> _WHAT THE EXERCISE ASKS_:
Please transcribe the following records in full, exactly as given.

> _RECORDS TO PROCESS_:
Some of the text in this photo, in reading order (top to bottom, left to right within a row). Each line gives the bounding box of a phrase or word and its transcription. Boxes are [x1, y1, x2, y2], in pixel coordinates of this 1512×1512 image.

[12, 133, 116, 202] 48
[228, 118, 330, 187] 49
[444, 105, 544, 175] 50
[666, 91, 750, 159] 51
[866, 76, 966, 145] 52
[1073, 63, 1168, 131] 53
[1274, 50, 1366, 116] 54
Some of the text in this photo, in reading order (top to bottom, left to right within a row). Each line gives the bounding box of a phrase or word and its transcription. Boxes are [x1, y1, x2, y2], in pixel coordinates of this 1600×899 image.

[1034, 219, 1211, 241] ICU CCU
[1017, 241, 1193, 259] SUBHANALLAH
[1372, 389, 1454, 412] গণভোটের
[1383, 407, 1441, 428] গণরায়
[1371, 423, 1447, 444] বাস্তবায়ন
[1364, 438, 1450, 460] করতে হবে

> _EXERCISE RESULT_:
Some of the text in this photo, in reading order (top to bottom, left to right within a row). Each line gives the bounding box of a phrase or word and its transcription. Boxes are [x1, y1, x2, y2], in pixel coordinates of this 1512×1512 image.

[12, 133, 116, 202] 48
[228, 118, 330, 187] 49
[444, 105, 544, 175] 50
[666, 91, 750, 159] 51
[866, 76, 966, 145] 52
[1073, 63, 1168, 131] 53
[1274, 50, 1366, 116] 54
Some of the text in this photo, in reading order (top to bottom, left to right within a row). Each line gives the bounding box of a phrase or word and its transcription. Boxes are [x1, y1, x2, y2], in pixel coordinates of this 1600×899 image.

[1034, 219, 1211, 241] ICU CCU
[1017, 241, 1193, 259] SUBHANALLAH
[1372, 389, 1454, 412] গণভোটের
[1383, 407, 1441, 428] গণরায়
[1371, 423, 1447, 444] বাস্তবায়ন
[1364, 438, 1450, 460] করতে হবে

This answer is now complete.